La polémica surgió a partir de un video publicado en YouTube por Steffany, en el que expone una serie de situaciones familiares y acusa directamente a su cuñado de influir negativamente en la relación de Kimberly con su entorno cercano. El material, que rápidamente se viralizó, incluye testimonios, audios y declaraciones que apuntan a un distanciamiento familiar prolongado.
Entre las acusaciones más fuertes, Steffany señala que Juan de Dios Pantoja habría ejercido control sobre decisiones personales y económicas de Kimberly, además de presuntamente alejarla de su familia y no brindar apoyo en medio de una crisis de salud que enfrenta su madre.
Asimismo, la hermana de la influencer aseguró que durante años guardó silencio para evitar conflictos, pero decidió hablar públicamente ante lo que considera una situación insostenible. Incluso afirmó que varios miembros de la familia respaldan su versión de los hechos.

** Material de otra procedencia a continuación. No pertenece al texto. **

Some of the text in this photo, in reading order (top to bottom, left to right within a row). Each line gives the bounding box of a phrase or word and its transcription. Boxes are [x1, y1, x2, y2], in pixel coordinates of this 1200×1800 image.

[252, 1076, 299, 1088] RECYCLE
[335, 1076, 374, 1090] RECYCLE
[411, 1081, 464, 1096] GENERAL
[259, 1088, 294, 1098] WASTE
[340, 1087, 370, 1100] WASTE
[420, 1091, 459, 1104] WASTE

Por su parte, Juan de Dios Pantoja no tardó en responder a las acusaciones a través de redes sociales, donde negó los señalamientos y aseguró que Steffany actúa por envidia, defendiendo su relación con Kimberly Loaiza.

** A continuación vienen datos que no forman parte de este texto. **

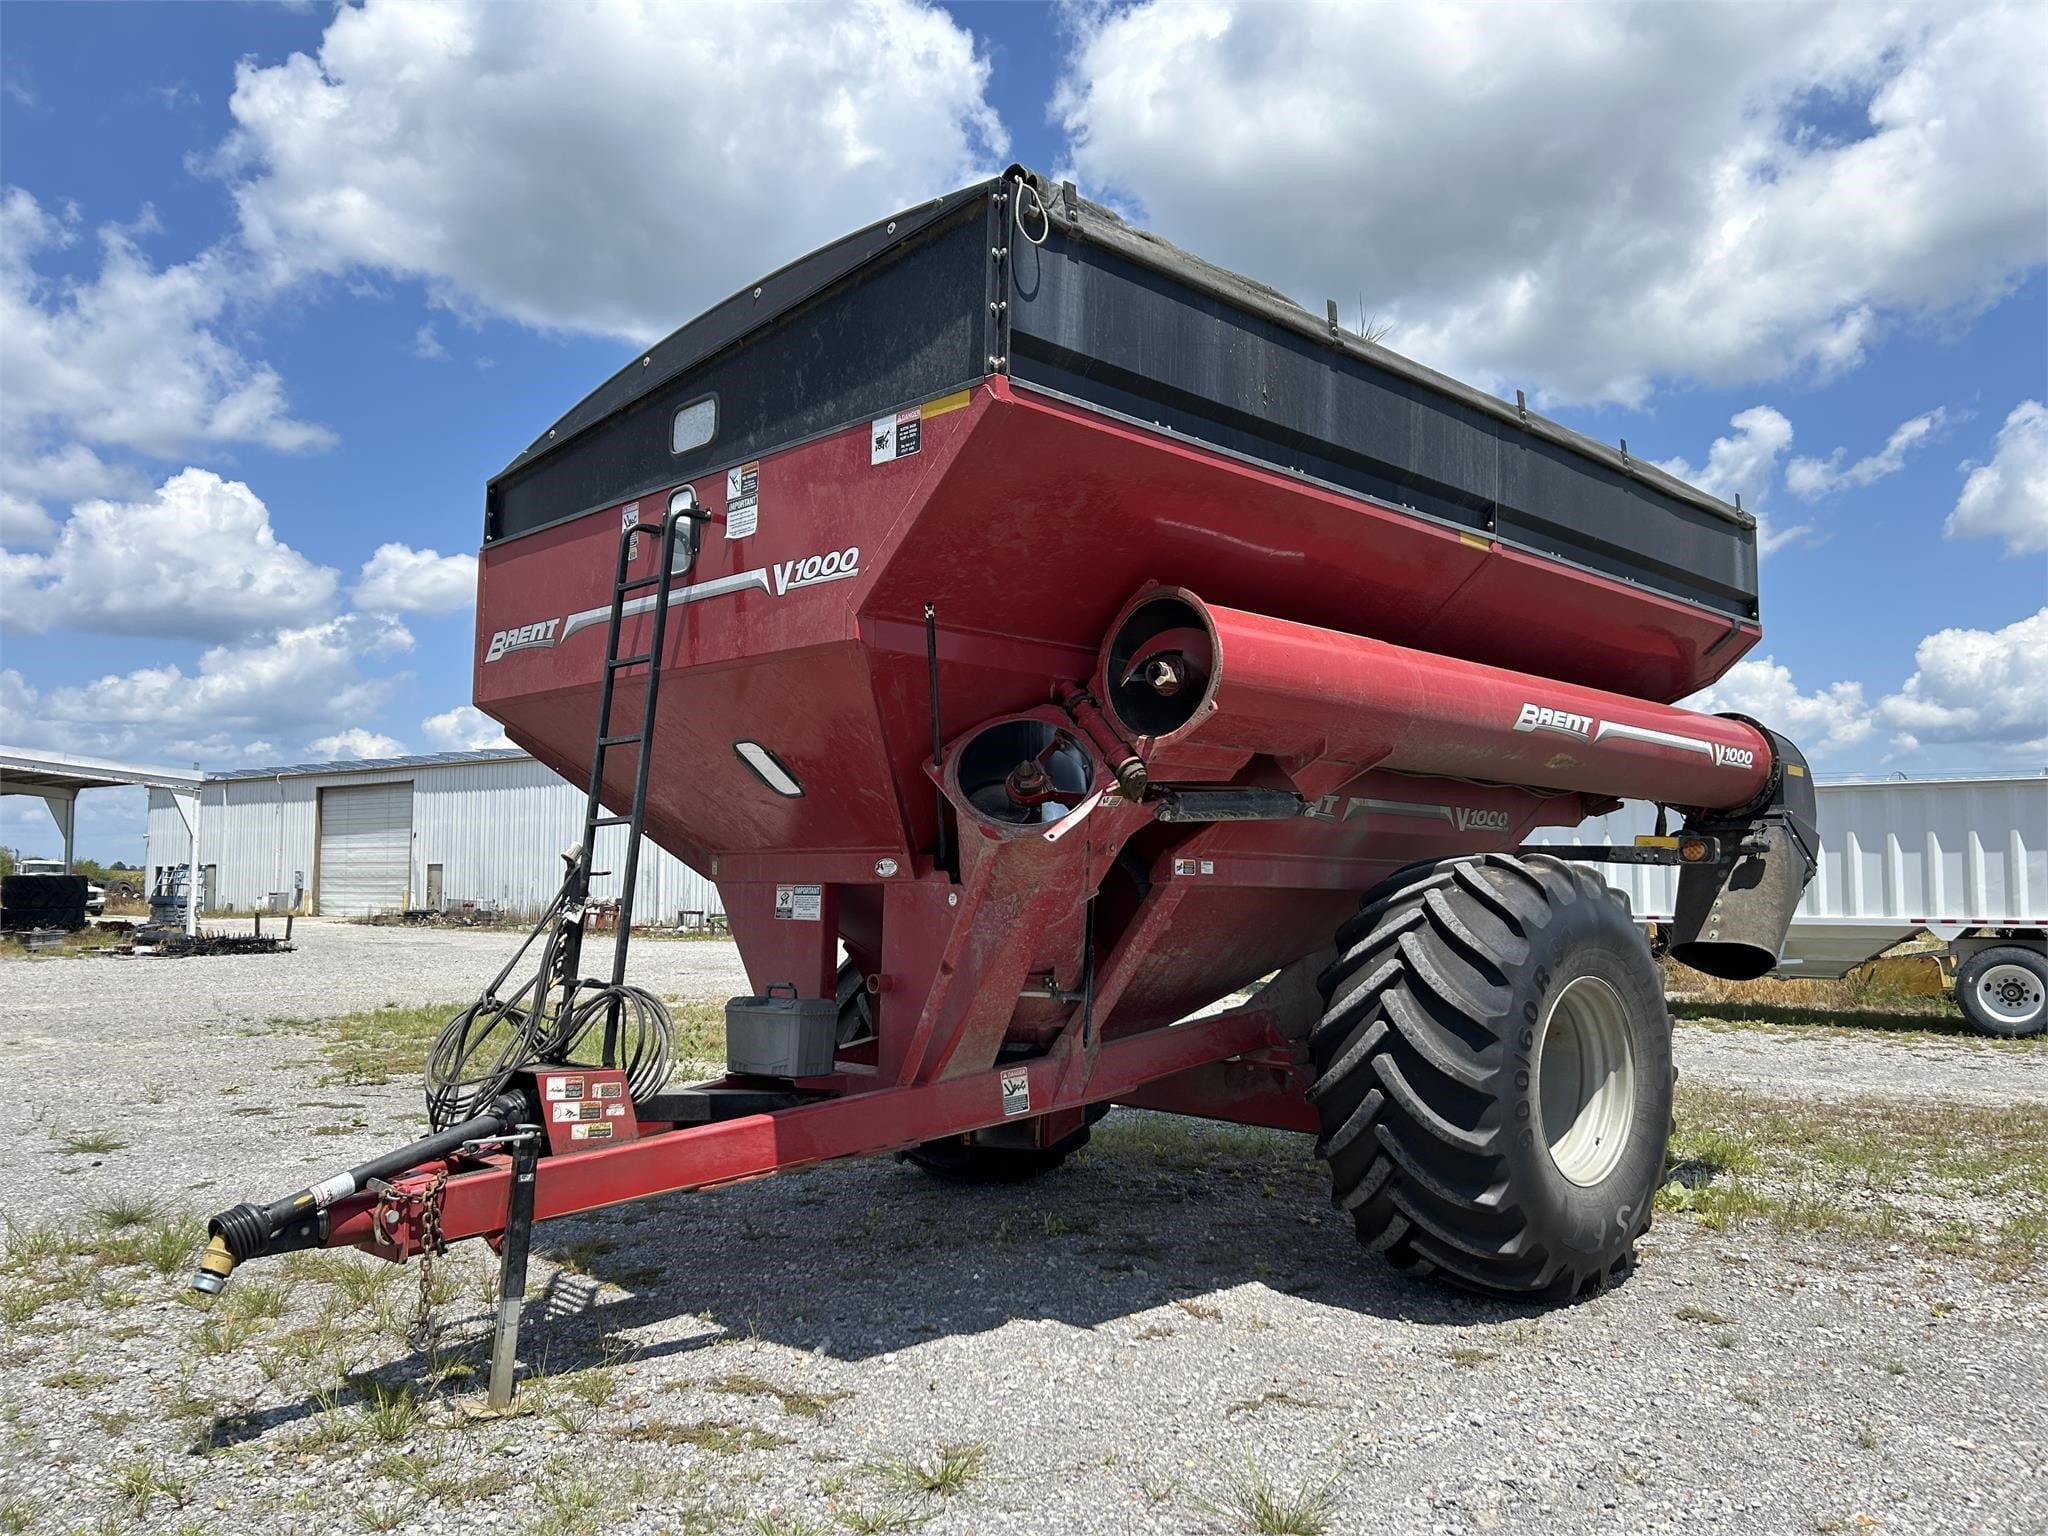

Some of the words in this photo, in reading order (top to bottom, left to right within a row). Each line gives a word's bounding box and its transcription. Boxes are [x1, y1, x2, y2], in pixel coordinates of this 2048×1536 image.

[729, 496, 756, 512] IMPORTANT
[485, 617, 560, 663] BRENT
[773, 546, 860, 596] V1000
[1512, 702, 1593, 734] BRENT
[1714, 742, 1753, 767] V1000
[1456, 806, 1508, 832] V1000

Hasta el momento, Kimberly Loaiza no ha emitido una postura amplia sobre la situación, lo que ha generado aún más especulación entre seguidores, quienes han dividido opiniones en plataformas como YouTube, Instagram y TikTok.
El conflicto, que combina temas familiares, exposición mediática y contenido digital, vuelve a poner en evidencia el impacto de las redes sociales en la vida privada de las figuras públicas, donde las diferencias personales pueden escalar rápidamente a nivel masivo.